Veronica turned the knob, opened the door, and walked in. The other three followed close behind. The three doomed creatures inside were asleep in a hairy pile on the room's only bed. She gently put her hand on the neck of one of the sleeping dogs, and Becca and Kitty did likewise with the other two. They all then flexed their otherworldly grip, of pounds upon pounds upon pounds per square inch. All at once, the head of Veronica's quarry was severed by the violent squeeze. The other two girls gave a little more torque, and likewise popped off their heads. There were short but very noisy, high pitched squeals and shrieks from the severed monster heads, followed by a return to the waterlogged, weathery, rattly, ambient weather of the highway-side motel.
The corpse of the beast killed by Veronica decomposed immediately before the girls, fully to ashes in a period of about a quarter-minute.

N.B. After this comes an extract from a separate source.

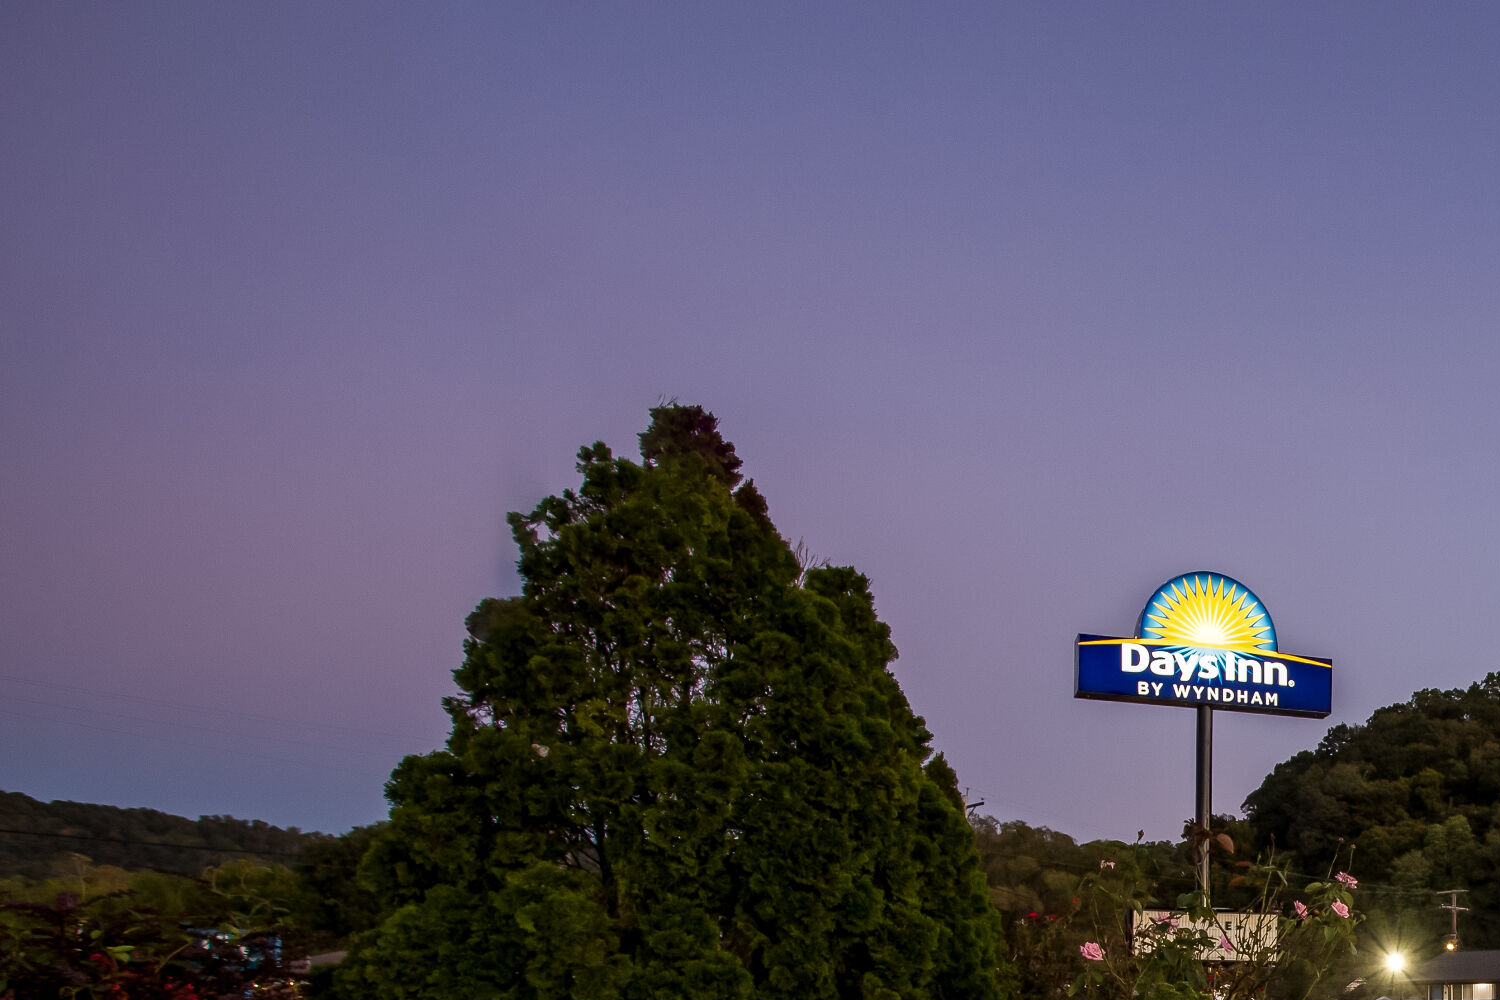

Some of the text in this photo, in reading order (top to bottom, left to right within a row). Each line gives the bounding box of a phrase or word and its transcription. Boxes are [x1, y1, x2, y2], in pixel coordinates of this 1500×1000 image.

[1121, 642, 1219, 682] Days
[1137, 680, 1279, 707] BY WYNDHAM

Kitty's made a crackling sound and turned into an eight-inch cockroach that flopped off the bed and began to scramble across the floor before Sandy ground it between the linoleum and the bottom of her high-top sneakers. It flashed blue and made a crackle-pop sound. Then the squashed bug quickly stank the room up with the stench of hospital farts and rancid fish garbage. The third corpse just laid there dead so they carried it outside to the motel's large steel garbage bin, pitched her in, and added some diesel from the gas can in Sandy’s bug before setting fire to its entire contents.
There was a crack pipe on the bedside table, clearly well used, but now cool to the touch. After the girls and the detectives were done going through the room, Thompson considered whether he ought to call it into the state troopers or the sheriff's office or the Tacoma city force, but he couldn't really think of any reason to bother them with it, so he didn't. After all, it was just a messy but empty hotel room, like so many others.

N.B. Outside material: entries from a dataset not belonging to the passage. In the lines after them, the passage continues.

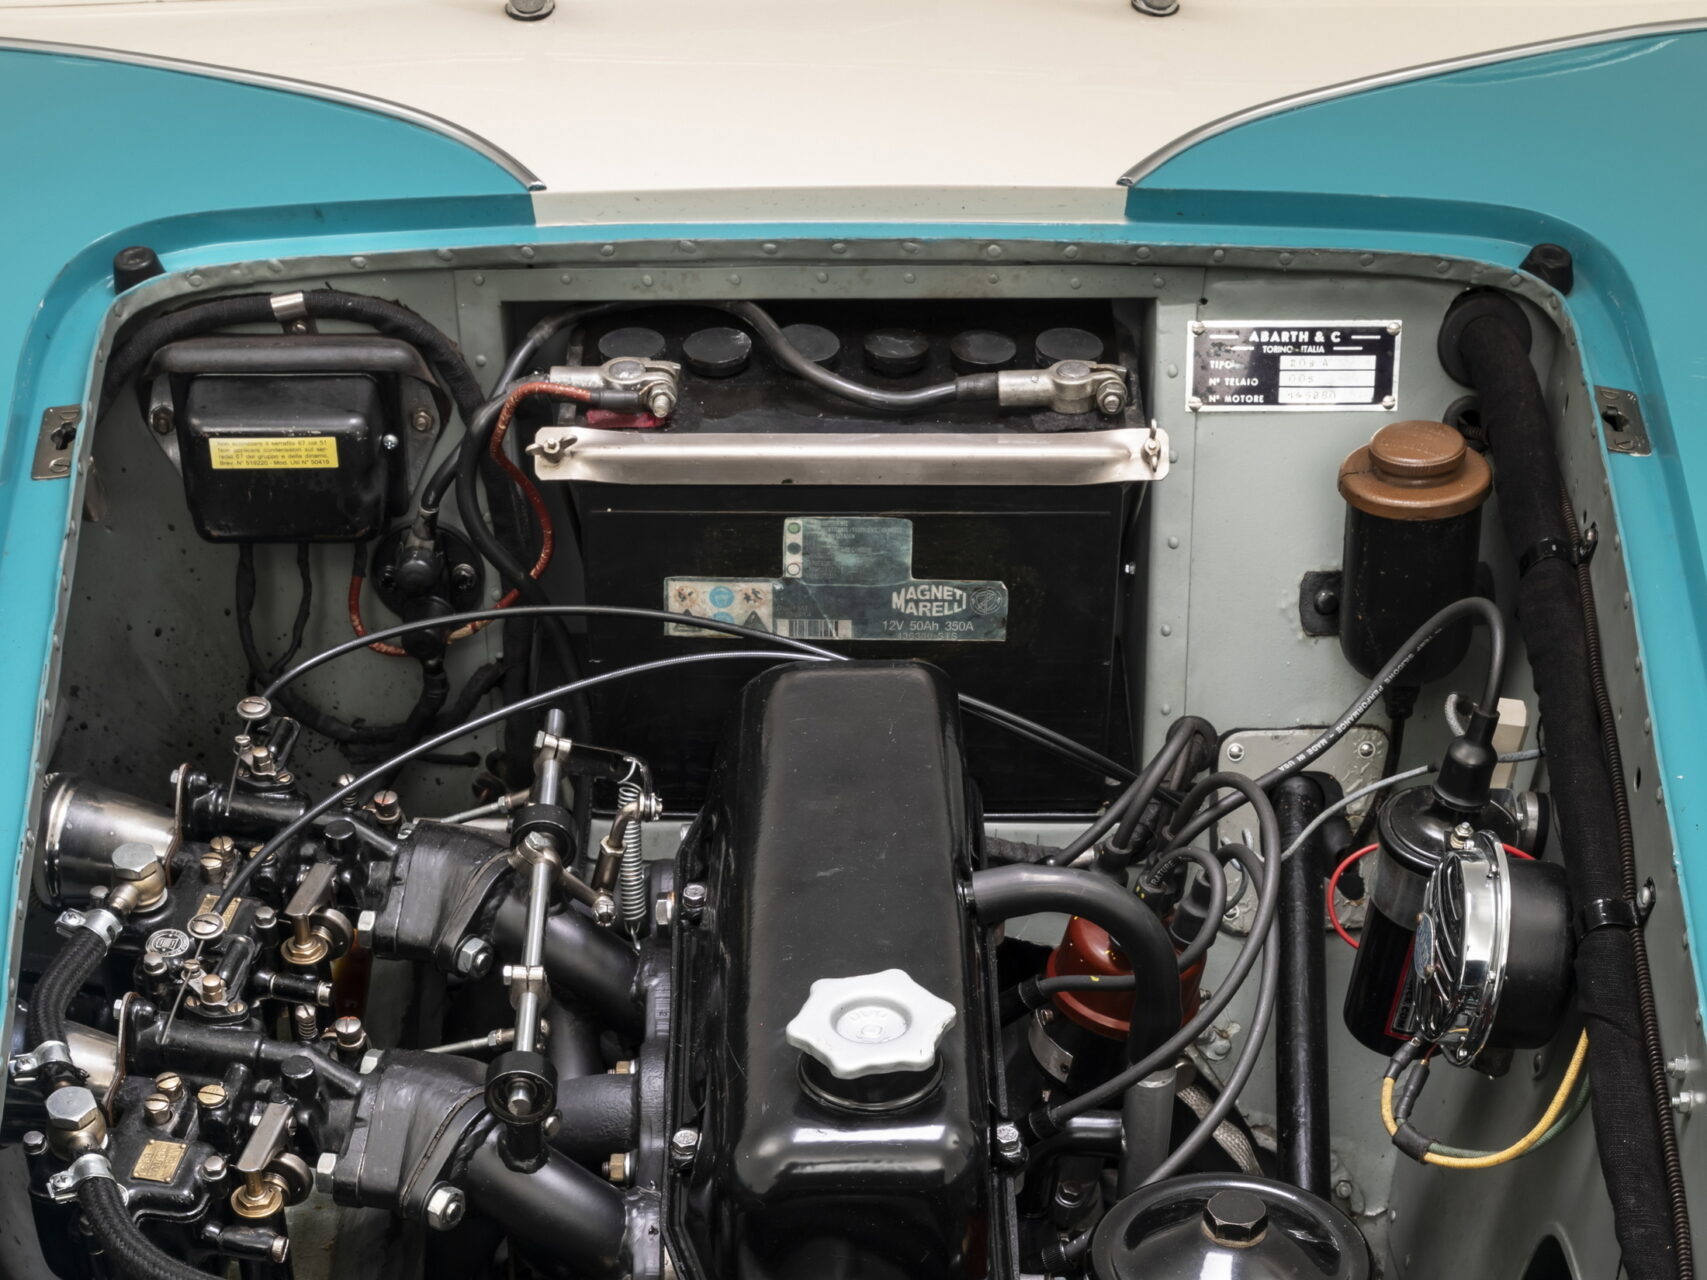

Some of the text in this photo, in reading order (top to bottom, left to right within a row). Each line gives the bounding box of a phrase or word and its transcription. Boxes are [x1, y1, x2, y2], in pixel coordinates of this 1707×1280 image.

[1249, 331, 1342, 343] ABARTH & C
[1262, 345, 1293, 354] TORINO
[1300, 345, 1325, 354] ITALIA
[1210, 360, 1233, 370] TIPO
[1224, 378, 1259, 386] TELAIO
[1224, 394, 1264, 403] MOTORE
[882, 620, 974, 631] 12V 50Ah 350A
[1334, 684, 1384, 735] PERFORMANCE
[1307, 739, 1329, 756] MADE
[1278, 760, 1296, 772] USA

It seemed that either the wolf monsters were smoking crack, or, that they had eaten at least two crackheads. This was compelling to the detectives either way, and Thompson figured that if the crackheads hadn't been devoured or otherwise fucked to death, or turned into monsters themselves, then they might return to this scene looking for more crack. He wrote his cell phone number down on a blank tablet on the room’s T.V. stand, and underneath it left two twenty dollar bills. At least worth a try, he thought. It was about 10:30 when they left. The fire in the motel’s garbage bin bathed the area in warm amber light, but soon it died down and the air resumed its cold and steady red and blue strobing.

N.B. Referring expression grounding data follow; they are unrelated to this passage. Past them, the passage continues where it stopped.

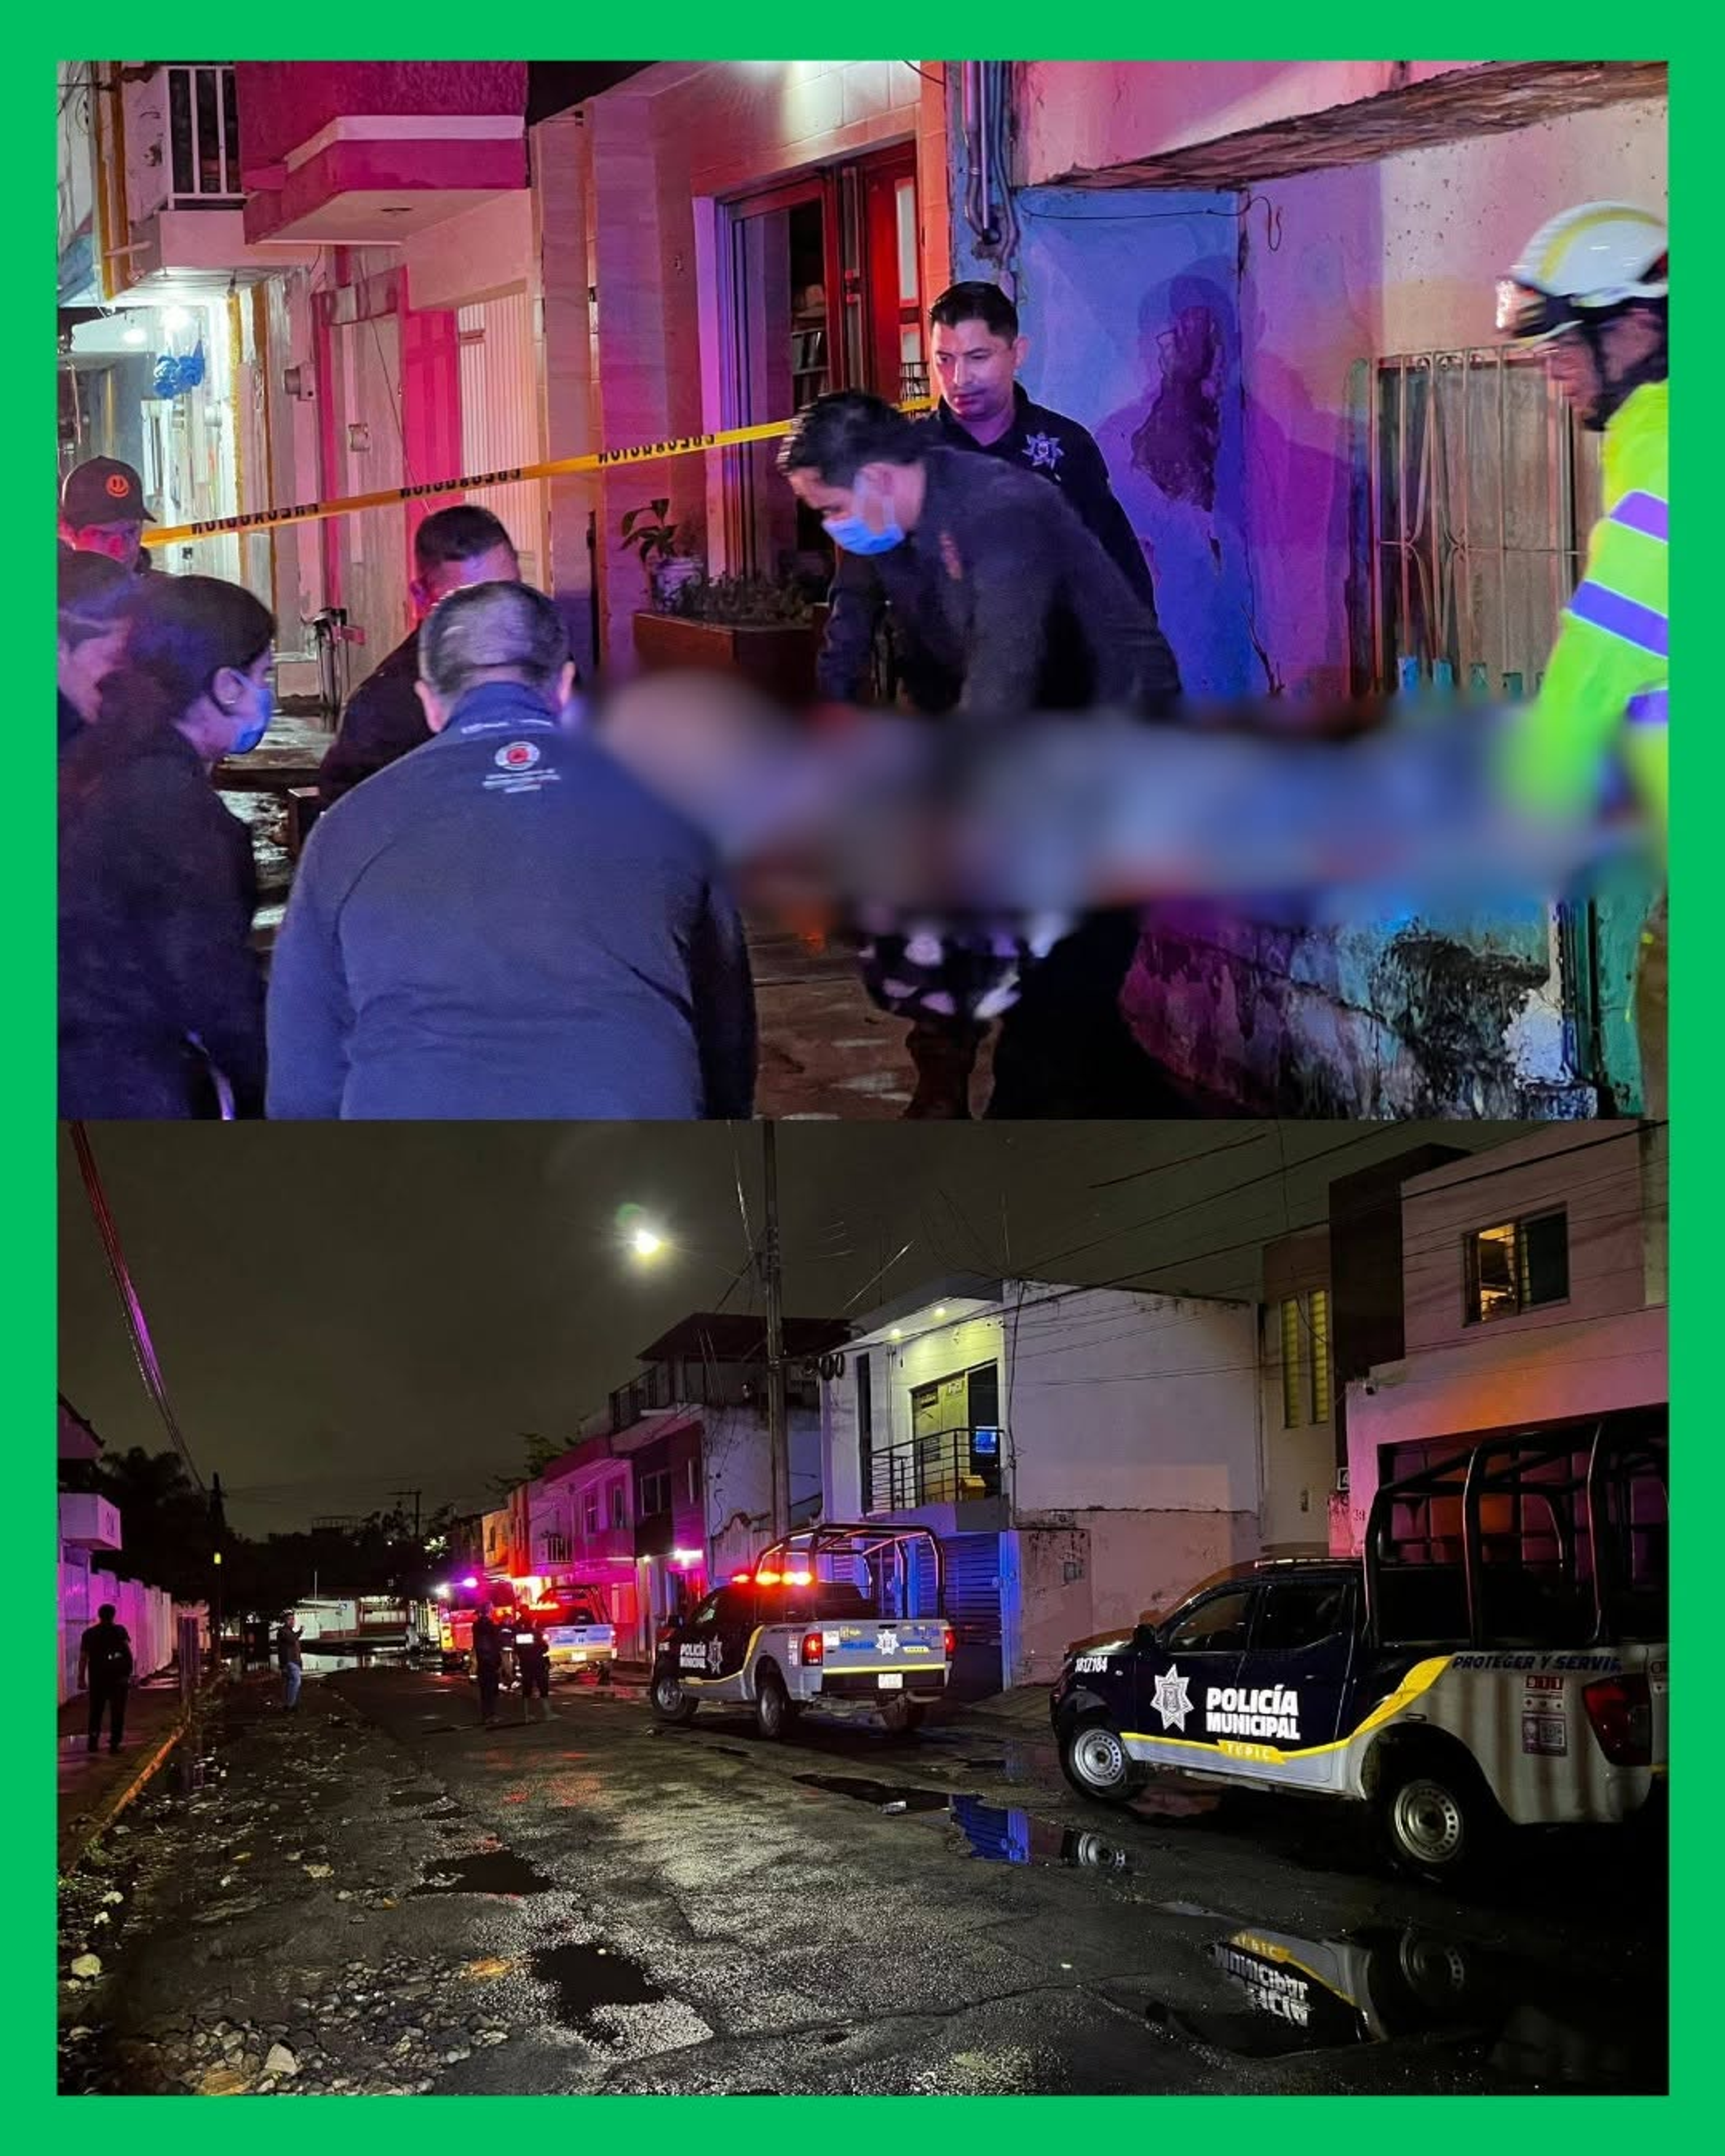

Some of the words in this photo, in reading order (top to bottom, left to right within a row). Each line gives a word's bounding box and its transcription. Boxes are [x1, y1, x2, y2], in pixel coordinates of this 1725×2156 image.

[1452, 1656, 1535, 1669] PROTEGER
[1541, 1656, 1551, 1669] Y
[1528, 1676, 1560, 1689] 911
[1206, 1684, 1299, 1716] POLICÍA
[1206, 1712, 1301, 1740] MUNICIPAL

The weirdness of the scene at the Inland Inn glowed in the rear view mirrors of the hunting caravan. It made Thompson think of Smith's also-weird-as-fuck death scene. Mainly, tonight's sight of the monsters were what reminded him of Tuesday's seaborne disaster and he wondered if any of the ones who just bought it were any of the ones involved in the deadly fight on the doomed Blint Mary, and more specifically, if any of the ones who'd just bought it at the hands of his girlfriends was the one who did Smith. Not the point, and it really didn't matter, they're all one and the same, he thought — all part of one monster ontology.
Sandy keyed in on her radio: “I don't paint any of them anywhere nearby. Let's all go take a break and see if we can't nail another pocket of them on the next shift.”
“Yep, I don't either. They're hidin',” came Veronica's voice in response.
Kitty looked across the front seat at Thompson.
“Wanna go to the bar?” she asked. He sighed and smiled.